In 1963, she won the national prize at the Shanghai Spring Arts Festival, and was subsequently recognized as the undisputed master of erhu for more than 50 years until her death. After attending her performance in 1973, American music critic Harold Schonberg called her the "Heifetz of erhu". As a member of the Chinese art delegation, she toured the United States in 1978.

Min was a member of the China National Art Troupe, and later became the solo erhu performer of the Shanghai Art Troupe. After 1978, she performed with the Shanghai Chinese Orchestra.

In 1989, Min famously performed in support of the Tiananmen Square protests. After Beijing declared martial law on 20 May, she performed the melancholy Moon reflected on Erquan pond, for the student protesters in Shanghai supporting their Beijing colleagues.

==Works==
Min Huifen released 15 albums during her career. Her music is a unique blend of multiple genres of traditional Chinese music, including the Peking opera, the Yue opera, and the music of Chaozhou.
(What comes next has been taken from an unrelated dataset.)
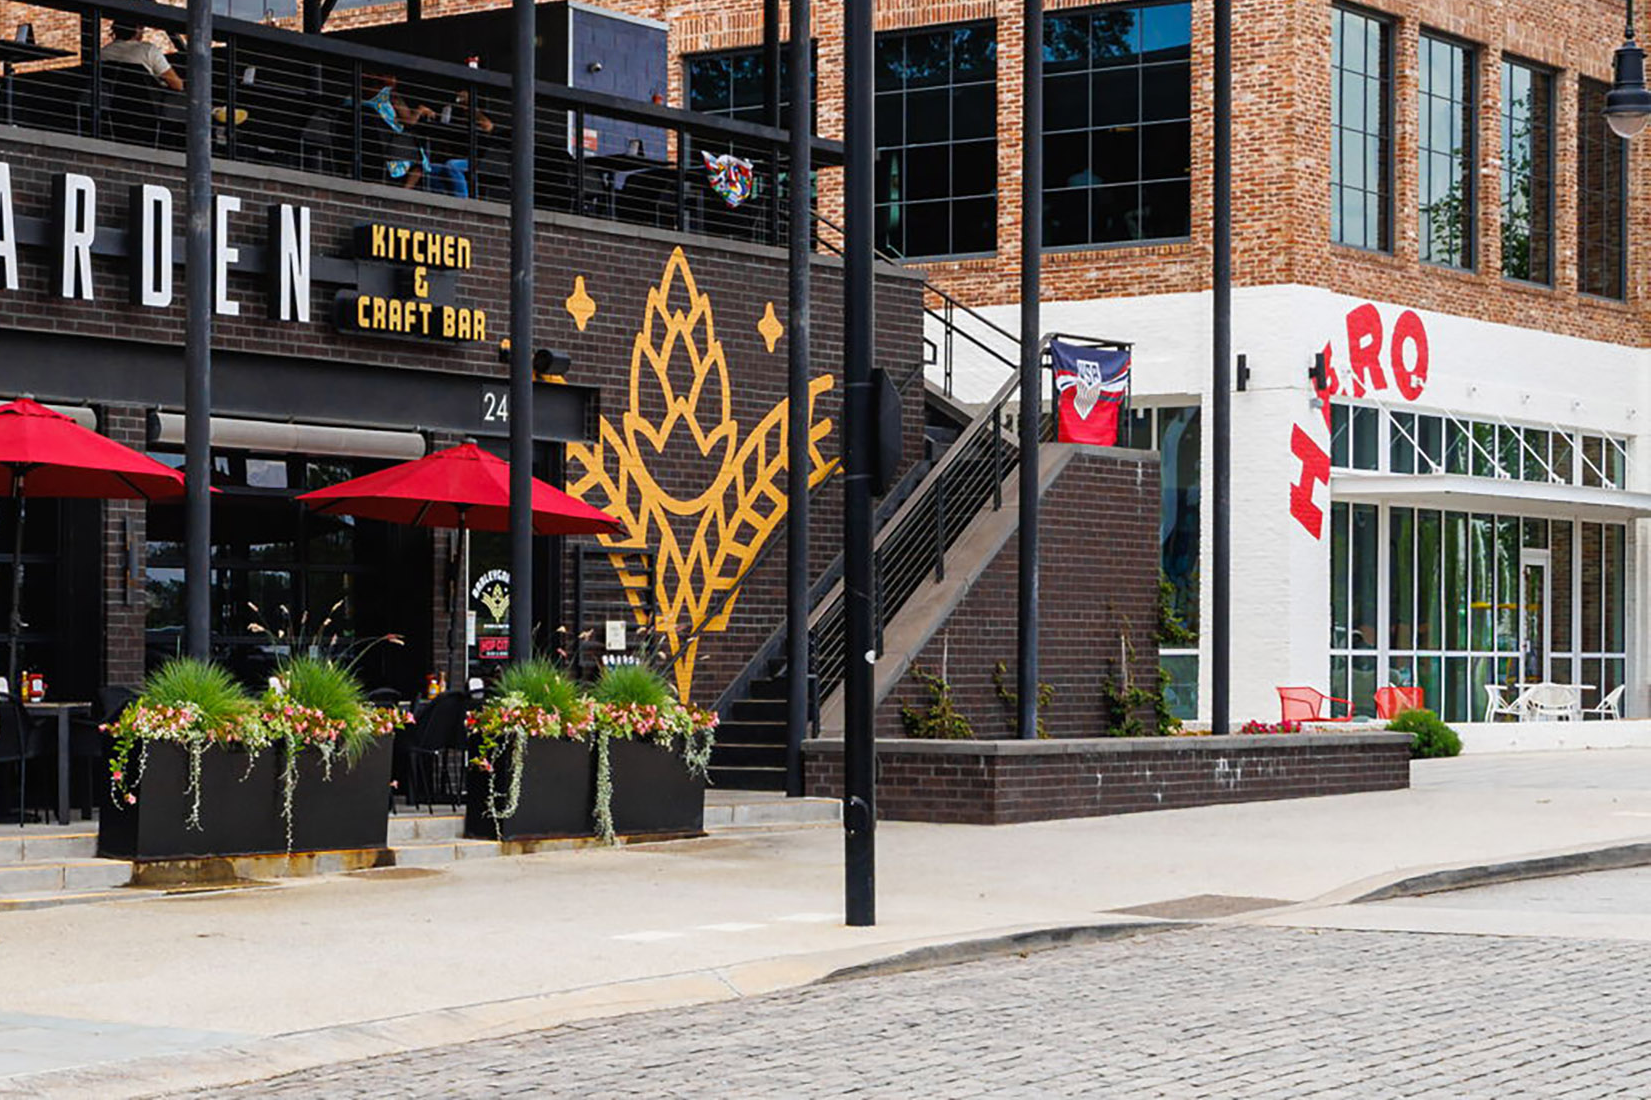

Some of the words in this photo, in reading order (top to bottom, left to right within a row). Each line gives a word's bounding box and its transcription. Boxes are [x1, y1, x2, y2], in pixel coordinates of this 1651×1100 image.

[372, 224, 471, 269] KITCHEN
[414, 266, 429, 298] &
[357, 296, 432, 335] CRAFT
[443, 305, 486, 341] BAR
She composed several of her hit singles herself, including "Yangguan Melody – Three Variations" and "Wishes of the People of Honghu Lake." Her most famous performance was the Great Wall Capriccio, composed by Liu Wenjin with Min's assistance. It was inspired by a huge tapestry of the Great Wall that Liu and Min saw during their visit to the Headquarters of the United Nations in New York in 1978.

==Awards==
- First Prize, National Erhu Playing Competition (1963)
- Shanghai Literature and Art Award (1988)
- First National Gold Record Award (1989)

==Health issues and death==
In 1981, Min was diagnosed with cancer, and underwent six major operations and fifteen courses of chemotherapy in the next five years. Doctors thought her cancer was terminal after it metastasized in 1983, but she miraculously recovered from the disease.
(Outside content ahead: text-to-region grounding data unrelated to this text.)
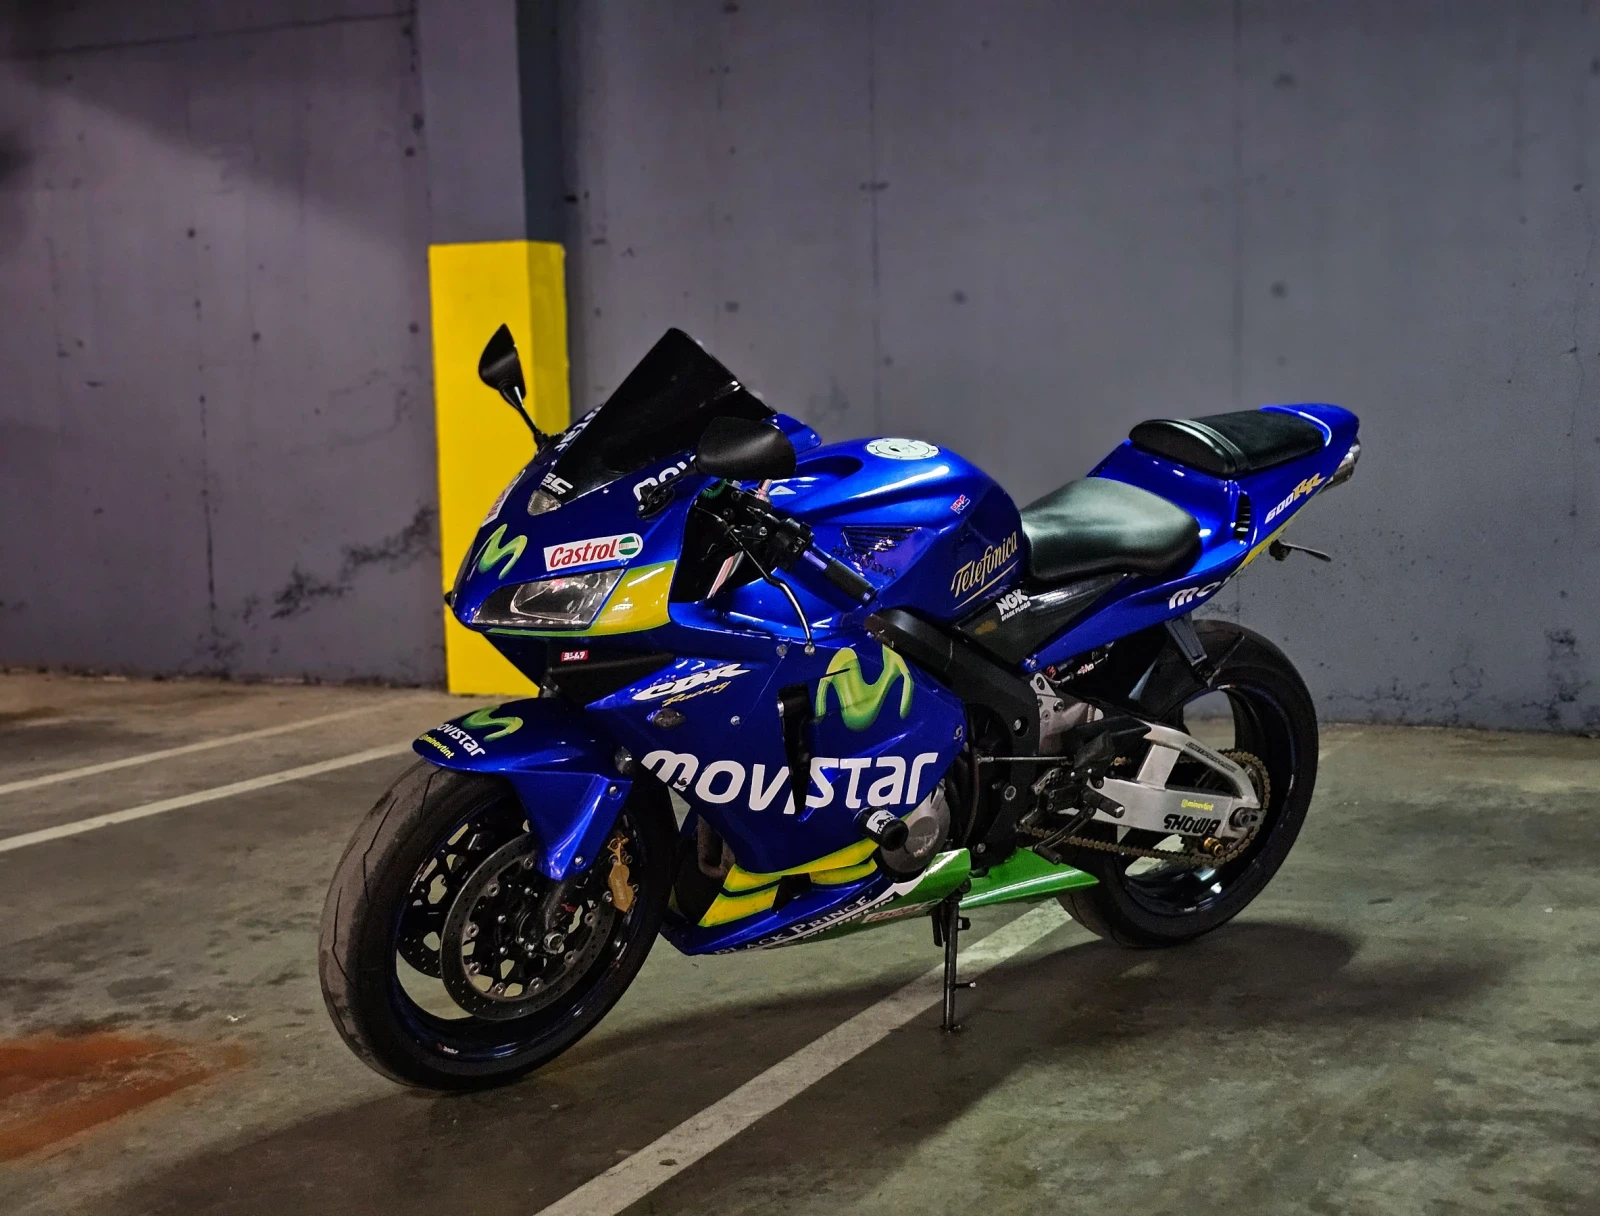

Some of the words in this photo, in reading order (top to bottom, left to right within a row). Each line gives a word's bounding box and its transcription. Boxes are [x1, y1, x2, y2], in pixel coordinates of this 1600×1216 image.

[550, 539, 618, 568] Castrol
[996, 589, 1028, 615] NGK
[632, 664, 751, 700] CBR
[1164, 814, 1222, 834] SHOWA
[789, 896, 873, 935] PRINCE
However, Min still suffered from many health problems, including high blood pressure and hyperlipidemia. On 13 February 2014, she suffered a cerebral haemorrhage and fell into a coma. She never woke up again, and died on 12 May 2014 at Renji Hospital in Shanghai. She was 69.

==Family==
Min Huifen was born to a musical family. Her father Min Jiqian (闵季骞), who outlived her, was a student of the erhu master Liu Tianhua. Her brother Min Lekang (闵乐康) is a national first-class conductor and music professor. Her younger sister, Min Xiaofen, is a well known pipa player. According to Min Lekang, who was more than ten years younger than Min Huifen, she taught her younger siblings the erhu and musical theory and had a significant impact on their careers. Her son, Liu Ju (刘炬), is also a well-known conductor.